Requirement: Print all of the entries exactly, minus the pictures.

Records for processing:
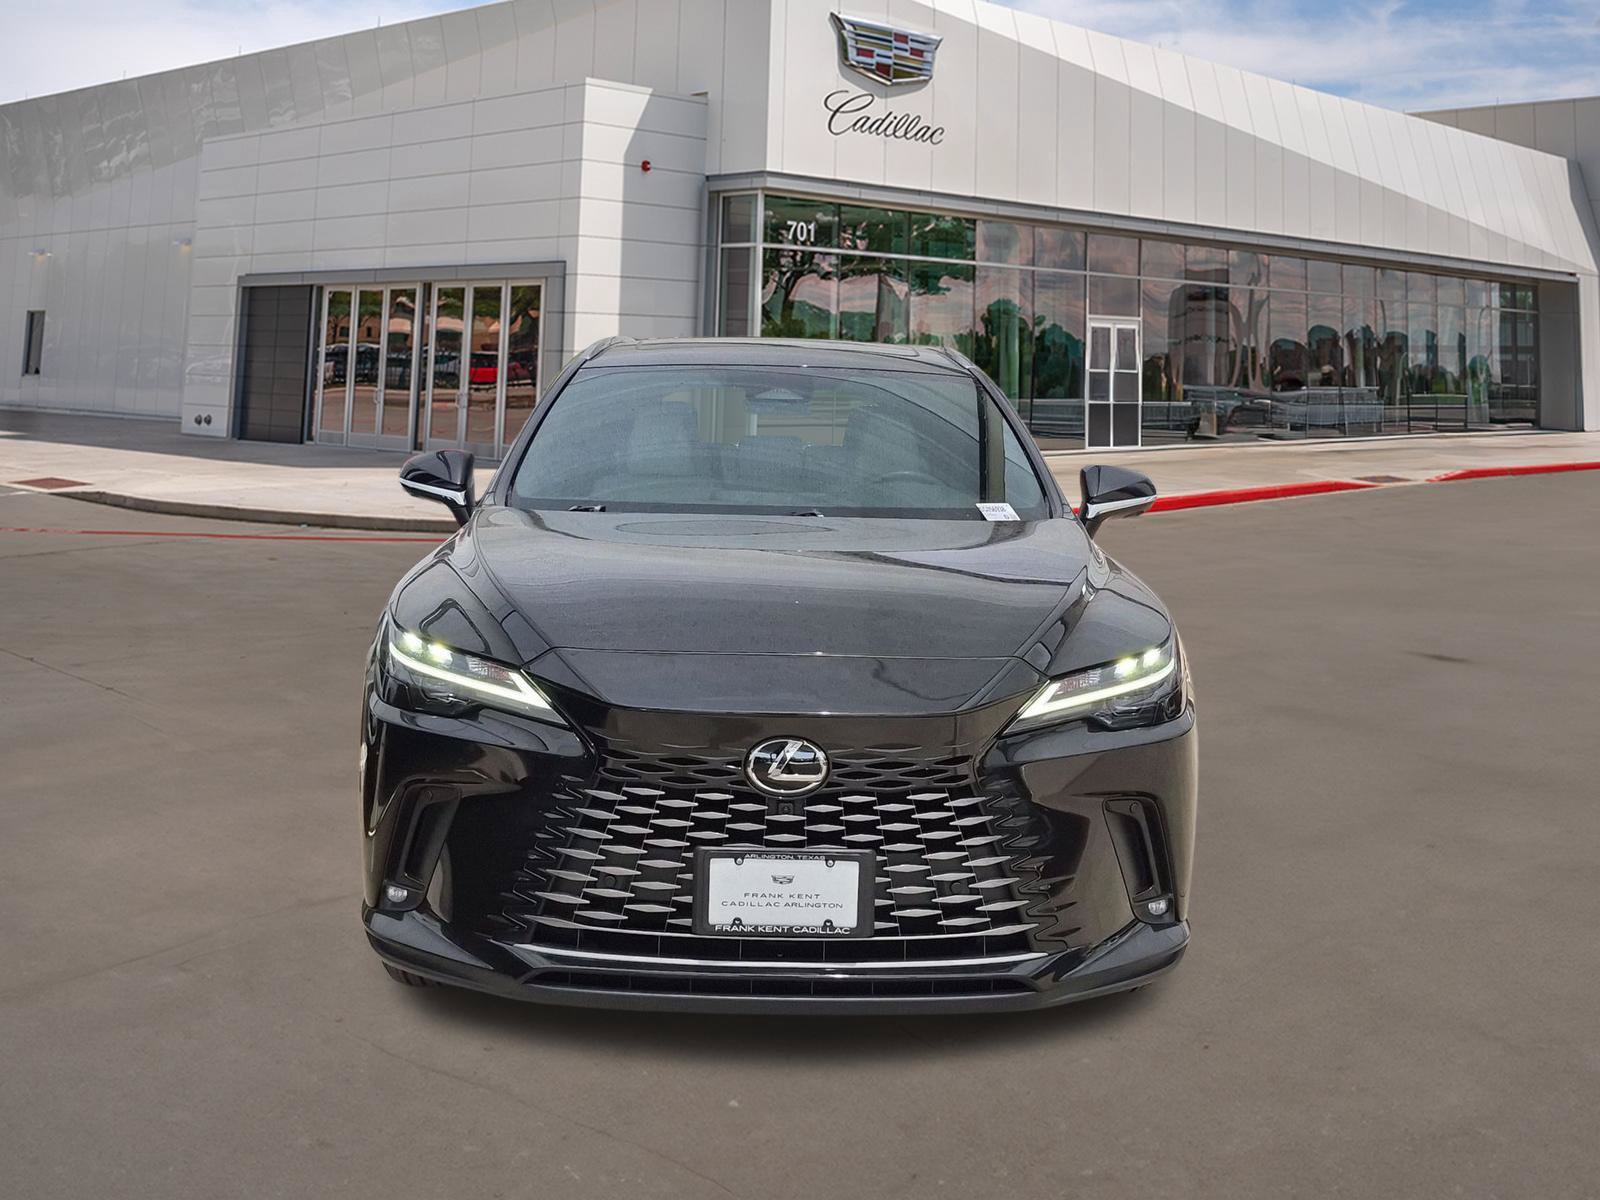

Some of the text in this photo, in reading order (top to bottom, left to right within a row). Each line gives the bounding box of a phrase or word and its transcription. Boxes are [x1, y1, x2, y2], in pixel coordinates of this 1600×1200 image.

[823, 90, 945, 145] Cadillac
[786, 220, 816, 242] 701
[743, 892, 785, 900] FRANK
[721, 900, 844, 909] CADILLAC ARLINGTON
[714, 924, 850, 935] FRANK KENT CADILLAC

Expected answer:
Some of the text in this photo, in reading order (top to bottom, left to right within a row). Each line gives the bounding box of a phrase or word and its transcription. Boxes are [x1, y1, x2, y2], in pixel coordinates of this 1600×1200 image.

[823, 90, 945, 145] Cadillac
[786, 220, 816, 242] 701
[743, 892, 785, 900] FRANK
[721, 900, 844, 909] CADILLAC ARLINGTON
[714, 924, 850, 935] FRANK KENT CADILLAC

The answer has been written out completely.